Each request starts with a requester identifying candidate resources (biobanks) using a query in a findability service, in which candidate resources are selected based on structured search criteria. The requester can subsequently add additional queries to the request to enrich the set of candidate resources, either from the same or a different findability service. Because of weak characterization of resources in findability services, the candidate set is likely to be an over-approximation of the set of resources that have relevant material/data.
However, the main purpose of the query is to exclude those resources that are confirmed to not have any relevant material/data. Those resources that are incorrectly identified in that overapproximation can easily step out of the request. If a resource is approached often with irrelevant requests, it can improve the situation by providing more accurate data about their collections in the findability services—this has been intentionally designed as an incentive mechanism for resources, while keeping the entry barrier low for the resources to start participating in the whole ecosystem (see the Incentive Mechanisms section for discussion of incentive mechanisms). On the other hand, in some rare cases where there have been no relevant data available in any findability service, BBMRI-ERIC has also run successful negotiations across more than 600 biobanks in the Directory to identify those that have a particular material/data available.
The requester can fill in additional details necessary for the request: (1) purpose of requesting the material/data (typically a research project); (2) anticipated analytical methods to be applied to the material/data; and (3) available ethics approvals (so that biobanks may avoid duplicate ethics assessment).
After the request is submitted, it follows a workflow shown in Figure 2 (more detailed information on request state evolution is provided in Supplementary Fig. S1 for reference). Initially, the request is reviewed by the BBMRI-ERIC access manager to avoid requests that might be deemed inappropriate by the resources. The communication phase starts after the request is successfully reviewed by the BBMRI-ERIC access manager.

Overview of the request state. Blue boxes indicate states handled by the Negotiator and gray boxes indicate states managed outside of it. Note that request check by BBMRI-ERIC only serves to stop requests, not compliant terms and conditions of using Negotiator, and is not a scientific project assessment.
Each request has a “request-wide communication” component, which can be seen by all the resources participating in the given request, and “individual negotiation with biobanks/collections,” which are only visible to the requester and the particular resource representative. For general refinement of the request, it is advisable to use the request-wide communication since a representative of any resource can take the lead, which can result in a much faster process and which does not need to be repeated by each resource. This request-wide communication allows effective refinement of the request, as many requests are underspecified, and further clarification is needed to assess if the purpose is compatible with the reuse conditions for the material/data or if the material/data are fit for the particular analytical method. As a part of this process, any resource can step away from the request, thus indicating that it is irrelevant for them.
Once the request is detailed enough, each resource can proceed by flagging availability of the material/data: (1) material/data available and accessible for the given purpose; (2) material/data available, but not accessible for the given purpose; (3) material/data are not available, but can be collected (prospective collection); and (4) material/data not available. Additional access conditions can be clarified in the private channel, such as access costs or any specific condition or template of MTA/DTA required by the resource. This process allows resources to use their internal decision mechanism and to prioritize access to depletable resources.
After the first set of resources indicates that material/data are available for the given purpose, the requester can select individual resources to continue with. Information about selected resources is stored in the Negotiator, but further communication follows between the requester and each selected resource. Resources then indicate that the material/data have been shipped to the requester and the requester subsequently confirms its receipt.

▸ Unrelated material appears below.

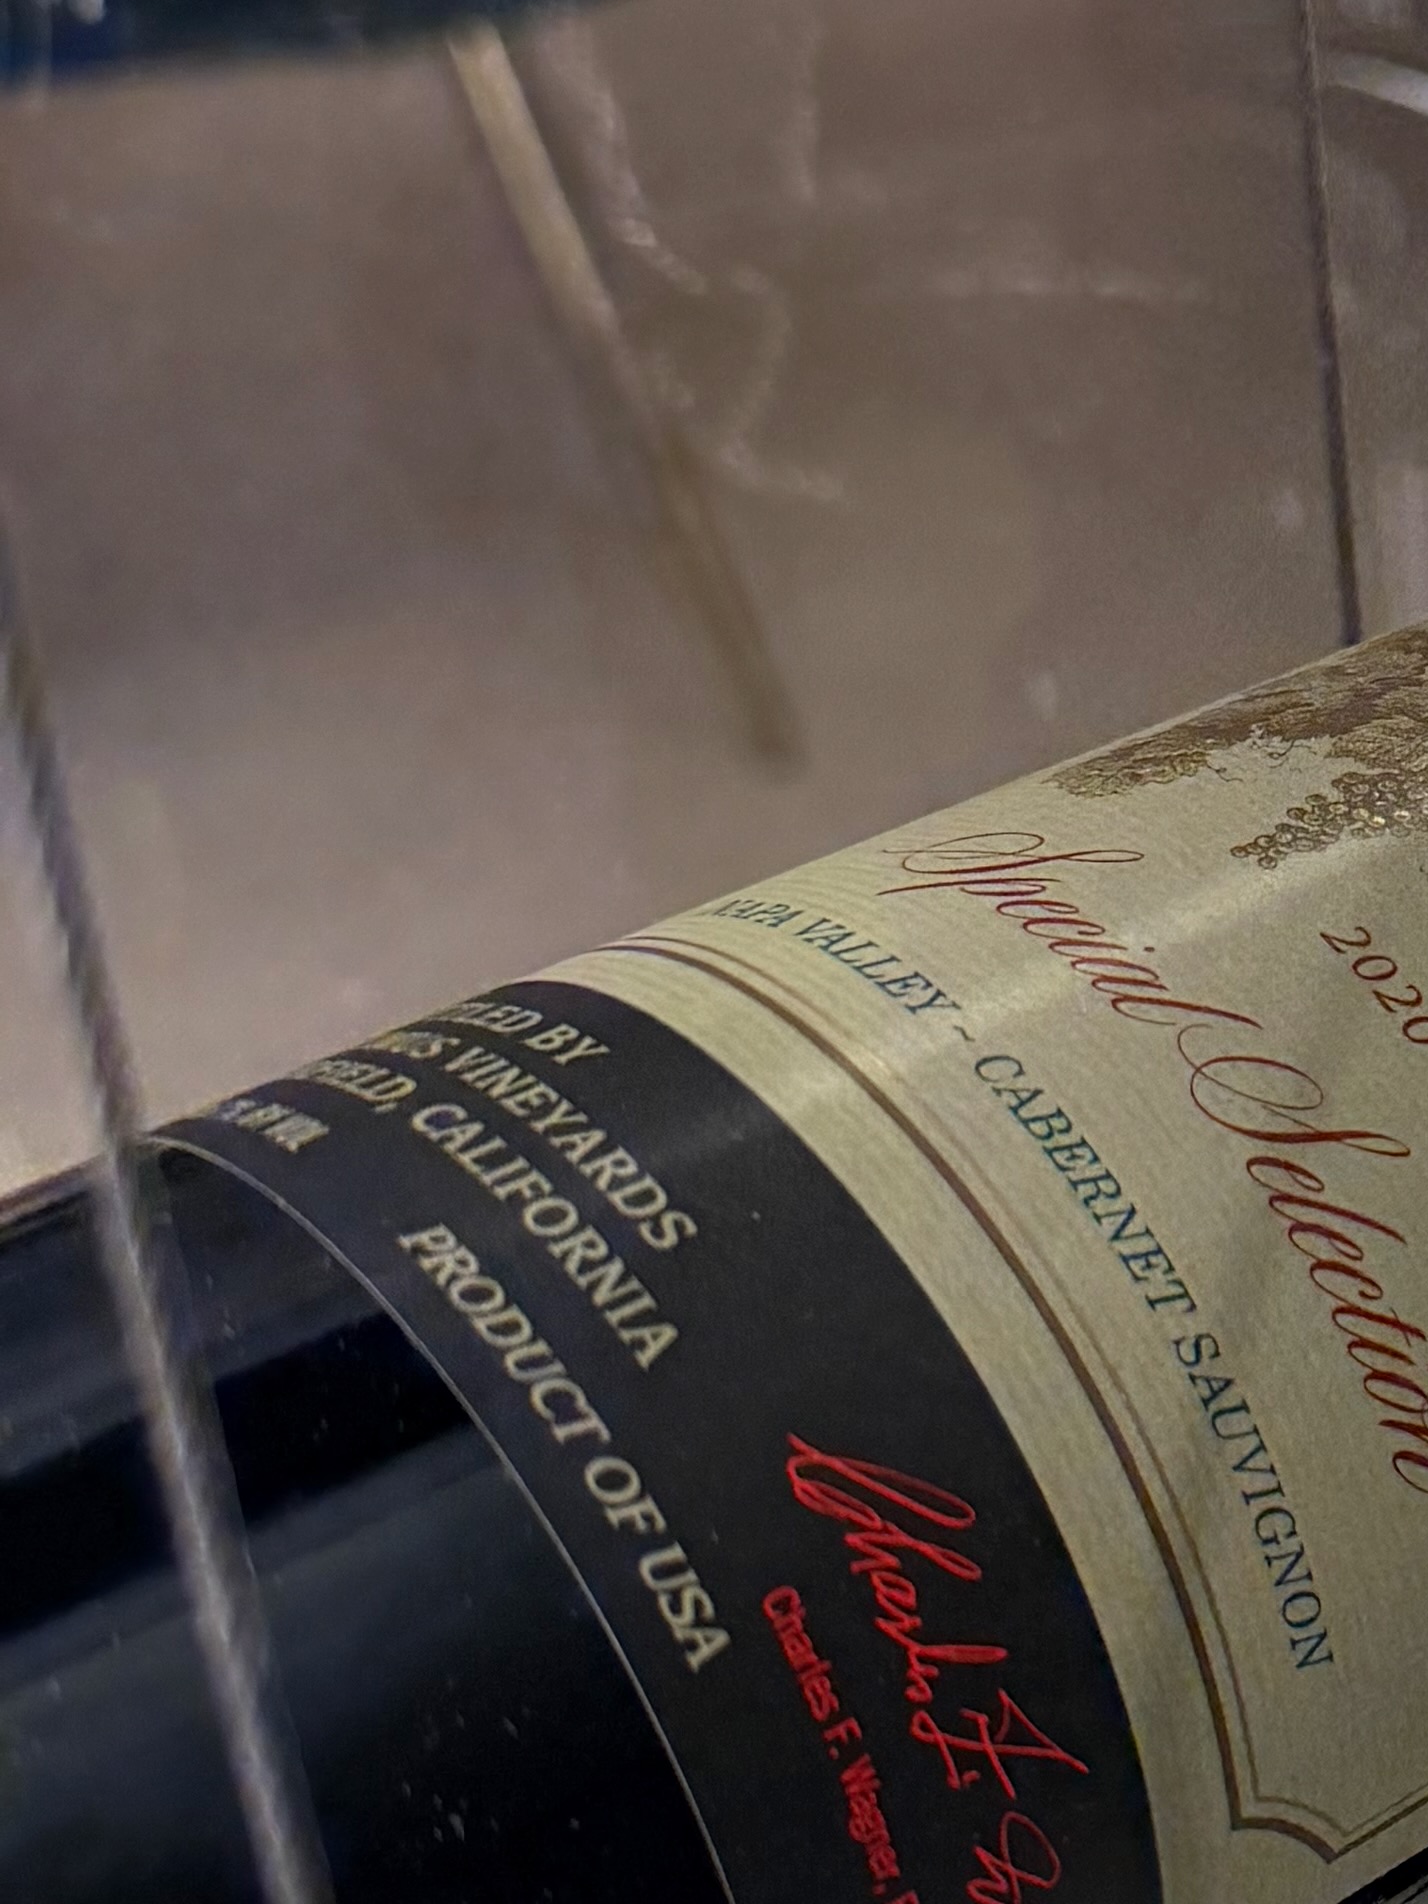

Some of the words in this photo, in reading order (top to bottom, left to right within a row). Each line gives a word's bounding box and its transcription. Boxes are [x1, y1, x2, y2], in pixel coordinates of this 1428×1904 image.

At this point, the access procedure is considered successfully completed.
Once the requester finishes her project, she should indicate this through the Negotiator. If data were generated as a part of the project, these shall be made available to the resource at no cost to enrich the existing material/data as requested by the BBMRI-ERIC Access Policy. This can be done either by delivery of data to the resource or by depositing the data in a public repository and linking it to (persistent) identifiers, for example, biobankIDs from BBMRI-ERIC Directory. If neither option is available, the data shall be also offered to BBMRI-ERIC to support the resource by seeking alternative storage options.
All the steps in the negotiation process are reported to the relevant people by e-mail. If a request includes a resource not yet registered in the Negotiator, its representatives are invited based on the contact information from the respective findability service.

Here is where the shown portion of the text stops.